In [1]:
import requests
import bs4 as bs
import pandas as pd

#### First, we get our movie dataframe from the dataset given

In [2]:
columns = ["WikiID", "FreebaseID", "Name", "ReleaseDate", "BoxOfficeRevenue", "Runtime", "Language", "Country", "Genres"]
movies = pd.read_csv('../../data/movie.metadata.tsv', sep='\t', names=columns, index_col=False)
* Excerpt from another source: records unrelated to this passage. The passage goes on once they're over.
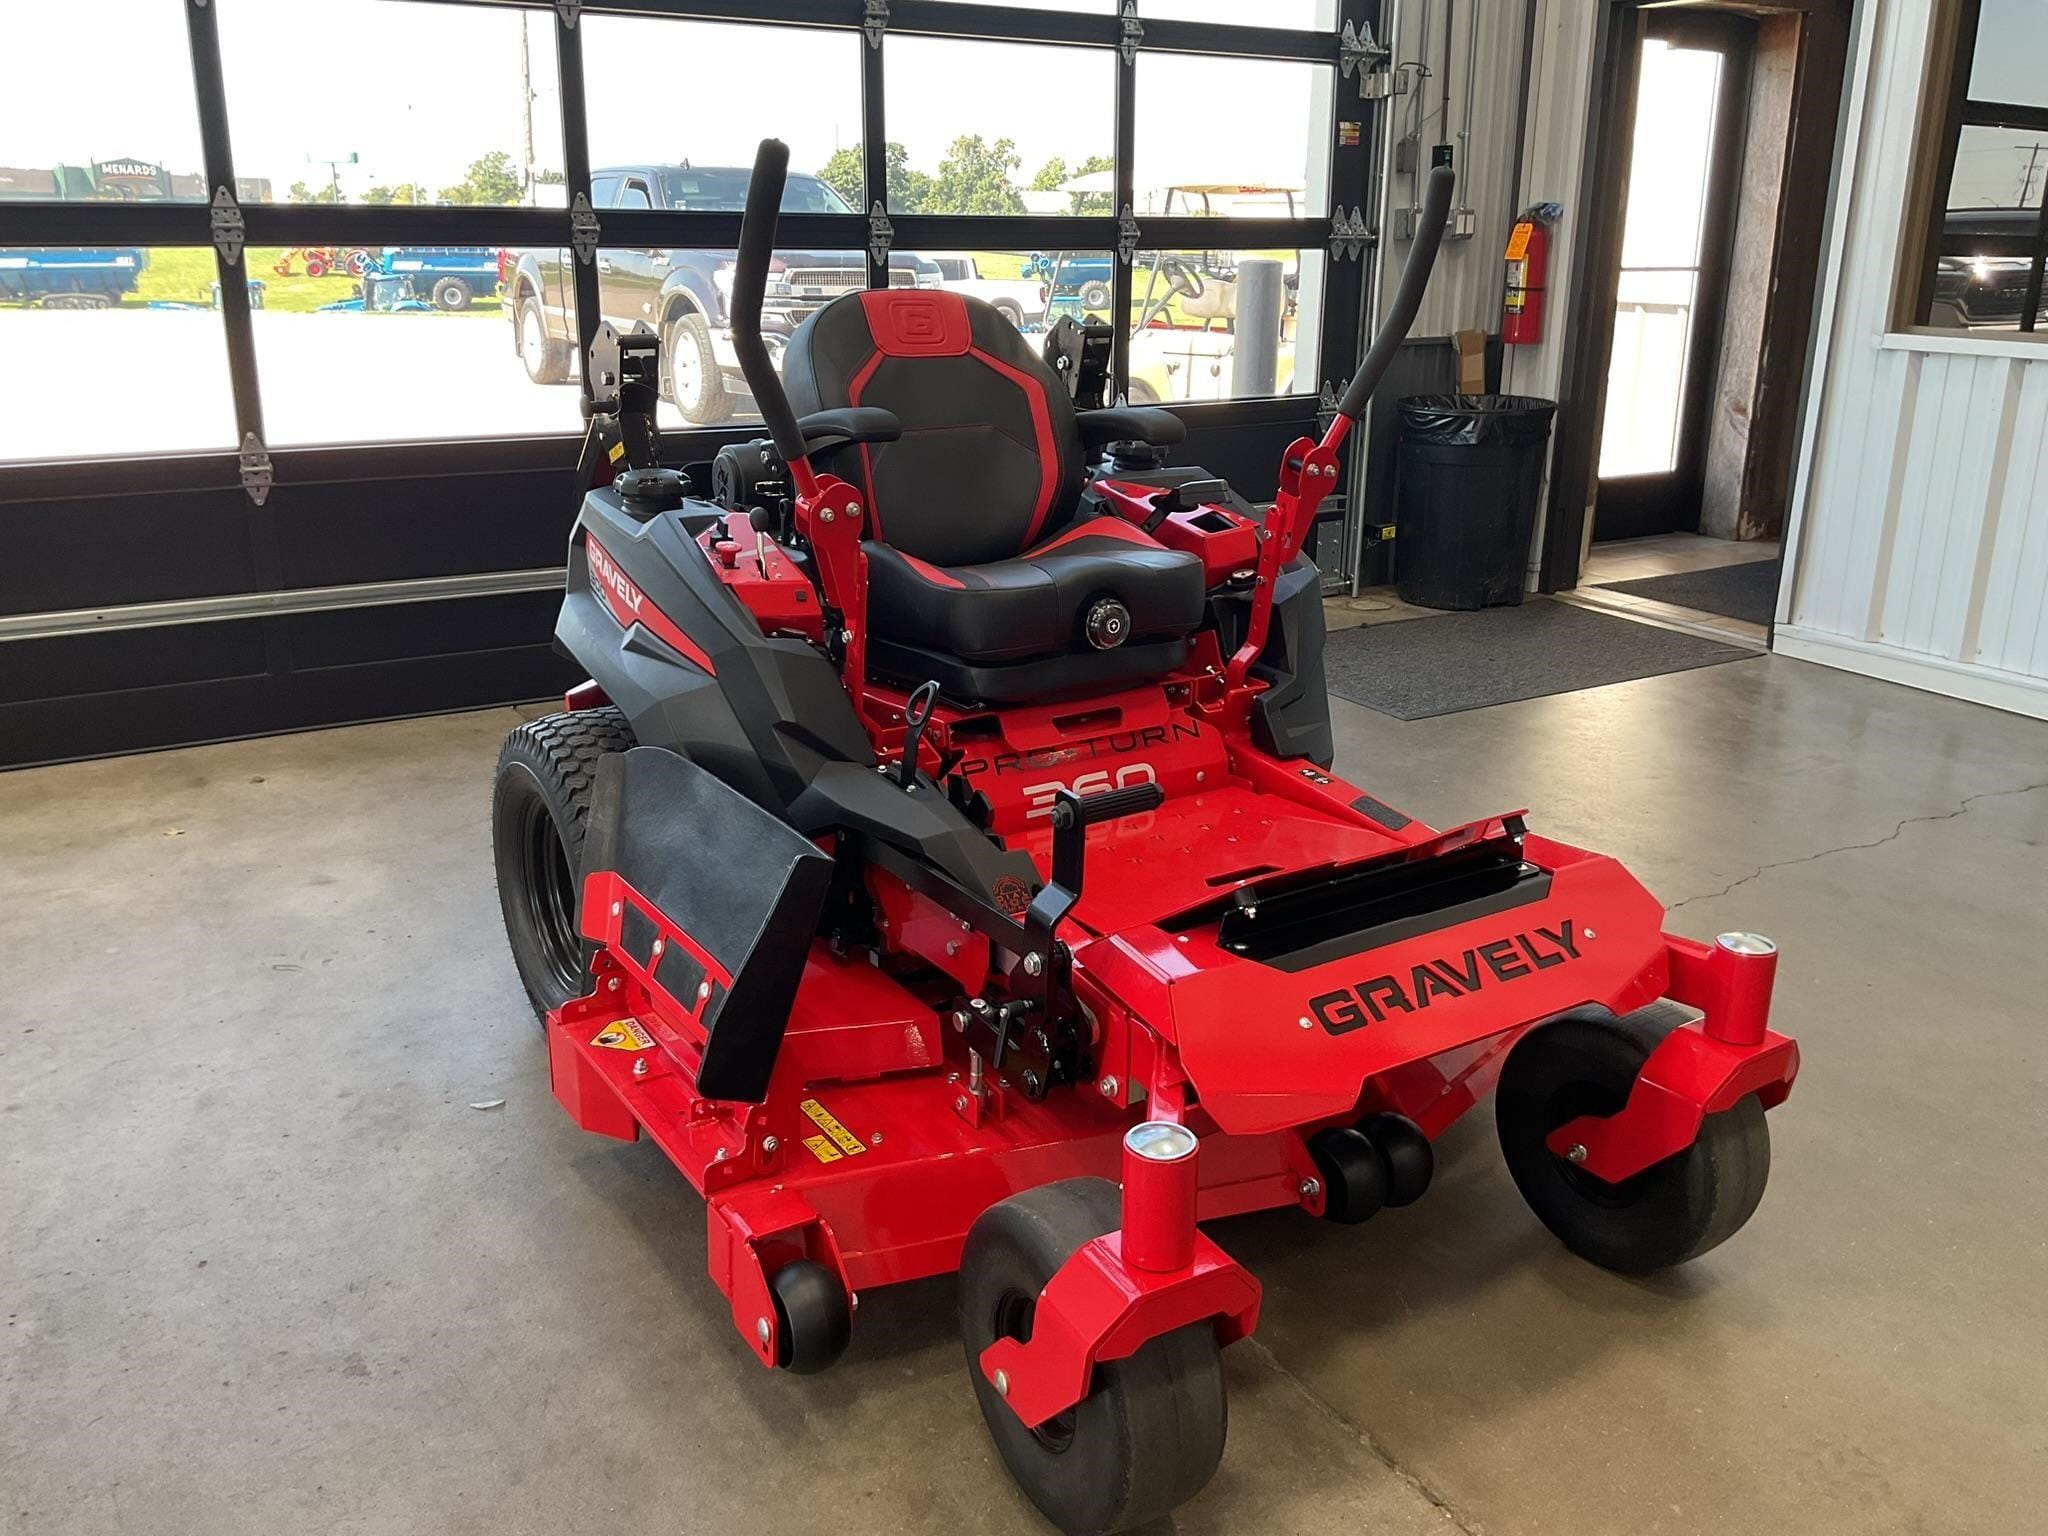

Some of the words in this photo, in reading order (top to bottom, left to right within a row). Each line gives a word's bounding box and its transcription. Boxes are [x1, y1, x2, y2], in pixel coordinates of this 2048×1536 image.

[101, 163, 157, 176] MENARDS
[589, 539, 643, 615] GRAVELY
[1023, 762, 1156, 819] 360
[1309, 919, 1582, 1036] GRAVELY
[624, 1020, 651, 1046] DANGER
<h4> As we want to relate the FreebaseID we have with the IMDB id, we are going to look for the latter in <a> https://www.wikidata.org </a>. First, we get the path to the film web page with the function <i>getLinks</i>, and then we get the IMDB id with the function <i>getFreeIDandIMDBid</i>. Both functions are based on the HTML tags of said webpage after consultating it and makes requests to WikiData.

In [3]:
def getLinks (t):
    """
    Get the path to the film webpage
    Argument:
        t: it is a string that contains the name of the film already prepared for the URL.
        -----> t = "City+of+the+dead"
    Returns:
        An array with all the paths that wikidata has for the film
    """
    # This is the URL we need to search for the film webpage path
    addr = "https://www.wikidata.org/w/index.php?go=Go&search="+t+"&search="+t+"&title=Special:Search&ns0=1&ns120=1&searchToken=dattnx8r0gvcfzgyehr2g6vg2"
    
    # We request the previous URL and get the HTML
    r = requests.get(addr)
    soup = bs.BeautifulSoup(r.text, "html.parser")
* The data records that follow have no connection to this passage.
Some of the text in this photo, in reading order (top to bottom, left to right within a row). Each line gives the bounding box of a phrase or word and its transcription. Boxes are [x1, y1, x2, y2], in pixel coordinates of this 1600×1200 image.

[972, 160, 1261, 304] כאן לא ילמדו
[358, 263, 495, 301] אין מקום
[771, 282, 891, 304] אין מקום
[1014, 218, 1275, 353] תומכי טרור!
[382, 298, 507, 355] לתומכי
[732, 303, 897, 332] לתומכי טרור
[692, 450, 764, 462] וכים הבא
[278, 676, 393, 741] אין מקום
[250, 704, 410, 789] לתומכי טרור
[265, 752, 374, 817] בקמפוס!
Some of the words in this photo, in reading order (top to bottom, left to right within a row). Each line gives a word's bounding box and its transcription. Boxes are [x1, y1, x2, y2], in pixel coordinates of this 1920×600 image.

    # This is the array that will contain all the paths and we are returning
    link = []

    # We know the path we are looking for is contained in a div with the class ="mw-search-result-heading", inside the element <a> with the tag "href"
    for div in soup.find_all('div',{"class":"mw-search-result-heading"}):
        for a in div:
            link.append(a.get("href"))
            break

    return link

In [4]:
def getFreeIDandIMDBid (link):
    """
    Get the Freebase id and the IMDB id of the film from its wikidata webpage
    Argument:
        link: it is a string with the path for the URL film webpage.
        -----> link = "wiki/Q869644"
    Returns:
        The Freebase id and the IMDB id of the film 
    """
    # We create the whole URL with the baseURL (addr2) and the path (link)
    addr2 = "https://www.wikidata.org"
    url = addr2 + link

    # We request the previous URL and get the HTML
    r2 = requests.get(url)
    soup2 = bs.BeautifulSoup(r2.text, "html.parser")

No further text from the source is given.